(Task instructions) Each entry should be duplicated verbatim; its pictures should not be.

(Referring expression grounding data)
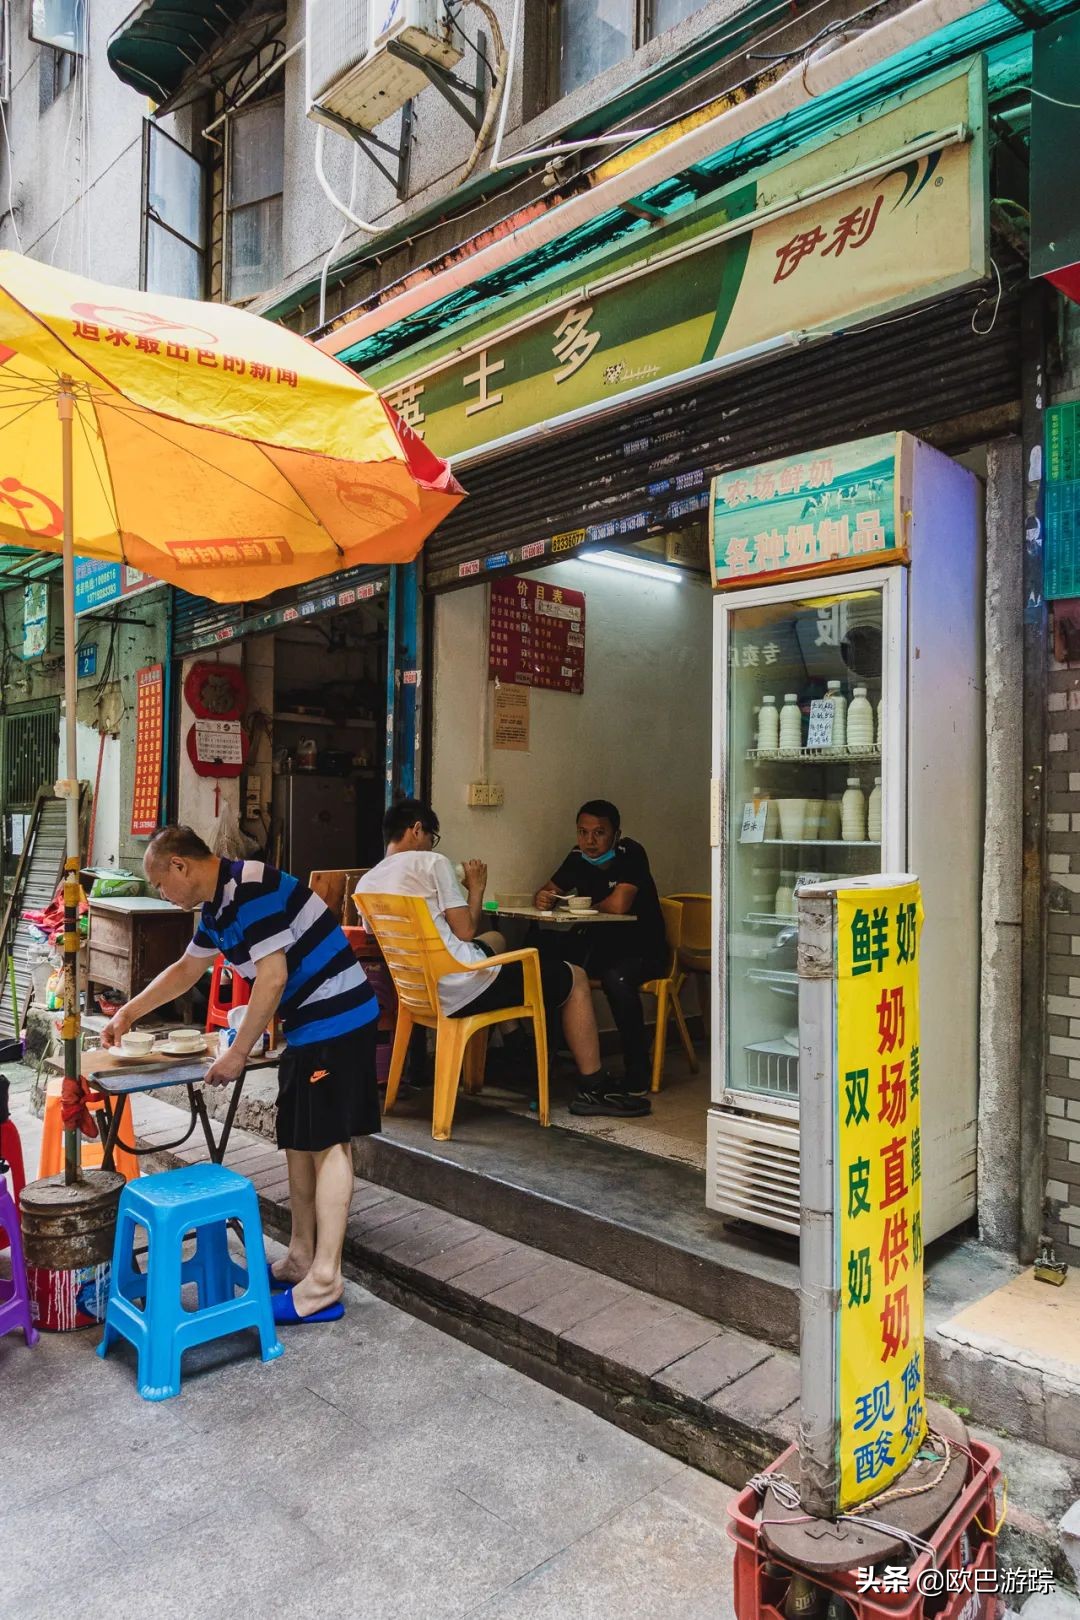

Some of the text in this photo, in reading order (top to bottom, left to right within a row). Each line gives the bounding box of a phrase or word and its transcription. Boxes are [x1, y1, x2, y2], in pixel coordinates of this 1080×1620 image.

[773, 194, 884, 285] 伊利
[72, 319, 298, 388] 追求最出色的新闻
[724, 458, 834, 509] 农场鲜奶
[724, 509, 886, 575] 各种奶制品
[517, 581, 563, 604] 价目表
[850, 903, 917, 976] 鲜奶
[845, 1068, 872, 1308] 双皮奶
[876, 986, 909, 1363] 奶场直供奶
[853, 1351, 921, 1431] 现做
[853, 1405, 923, 1484] 酸奶
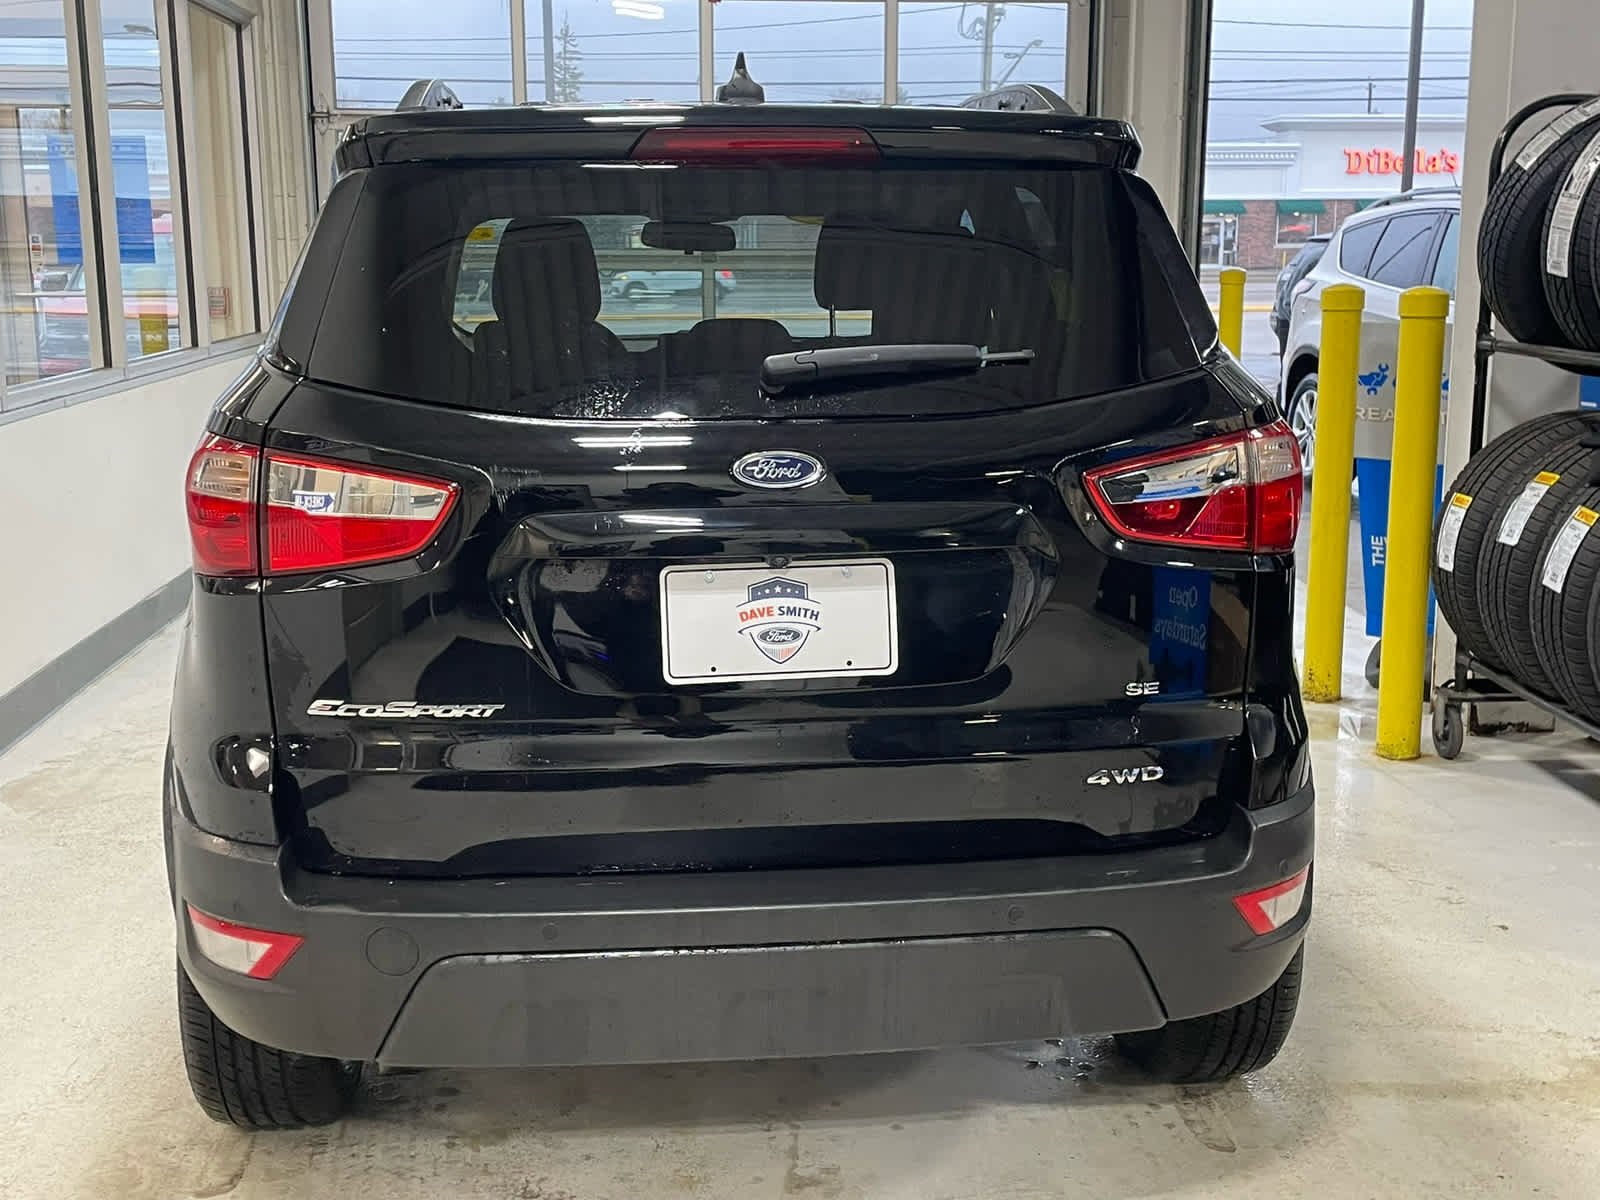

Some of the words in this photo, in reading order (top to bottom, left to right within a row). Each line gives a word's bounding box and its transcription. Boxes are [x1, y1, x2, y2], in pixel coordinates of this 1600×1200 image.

[1343, 148, 1459, 174] DiBela's
[1371, 535, 1385, 567] THE
[738, 606, 775, 623] DAVE
[778, 606, 820, 621] SMITH
[1125, 681, 1160, 696] SE
[1086, 766, 1164, 786] 4WD
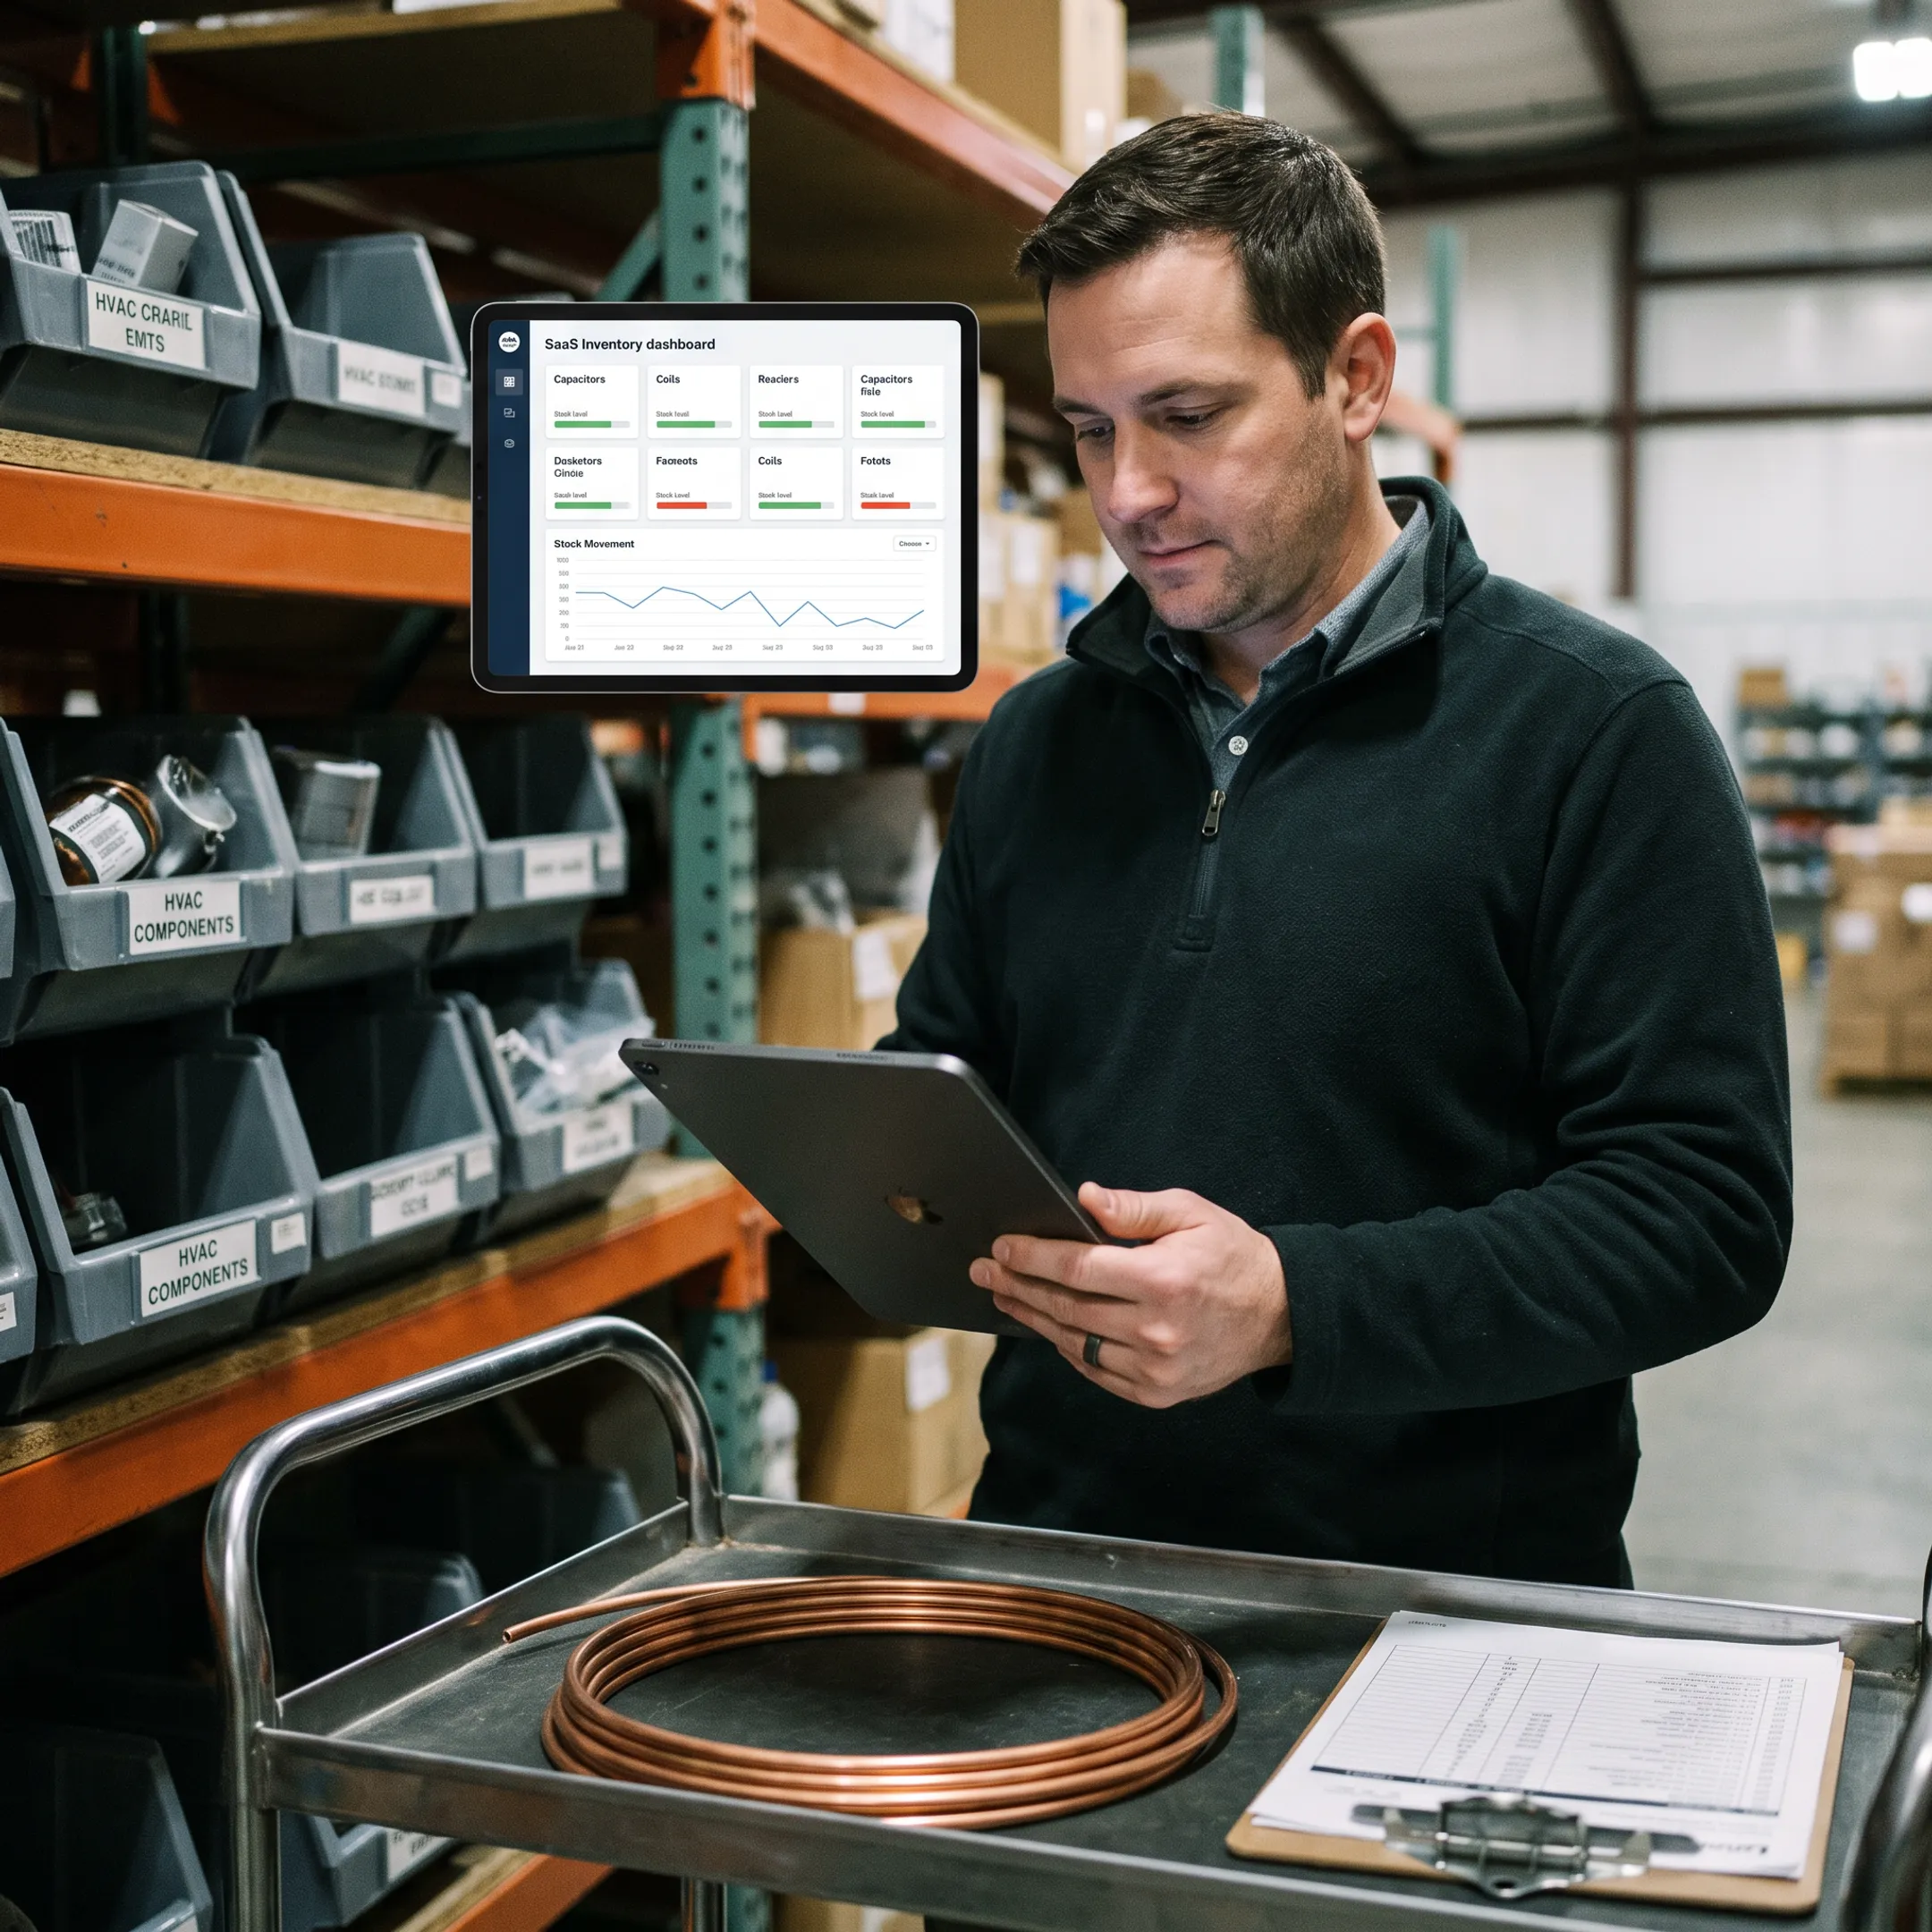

(Written reply)
Some of the text in this photo, in reading order (top to bottom, left to right within a row). Each line gives the bounding box of a phrase or word and its transcription. Boxes are [x1, y1, x2, y2], in pixel coordinates of this 1080×1620 image.

[773, 194, 884, 285] 伊利
[72, 319, 298, 388] 追求最出色的新闻
[724, 458, 834, 509] 农场鲜奶
[724, 509, 886, 575] 各种奶制品
[517, 581, 563, 604] 价目表
[850, 903, 917, 976] 鲜奶
[845, 1068, 872, 1308] 双皮奶
[876, 986, 909, 1363] 奶场直供奶
[853, 1351, 921, 1431] 现做
[853, 1405, 923, 1484] 酸奶

Some of the words in this photo, in reading order (top to bottom, left to right within a row). Each line gives a word's bounding box and its transcription. Boxes are [x1, y1, x2, y2], in pixel coordinates of this 1600×1200 image.

[1343, 148, 1459, 174] DiBela's
[1371, 535, 1385, 567] THE
[738, 606, 775, 623] DAVE
[778, 606, 820, 621] SMITH
[1125, 681, 1160, 696] SE
[1086, 766, 1164, 786] 4WD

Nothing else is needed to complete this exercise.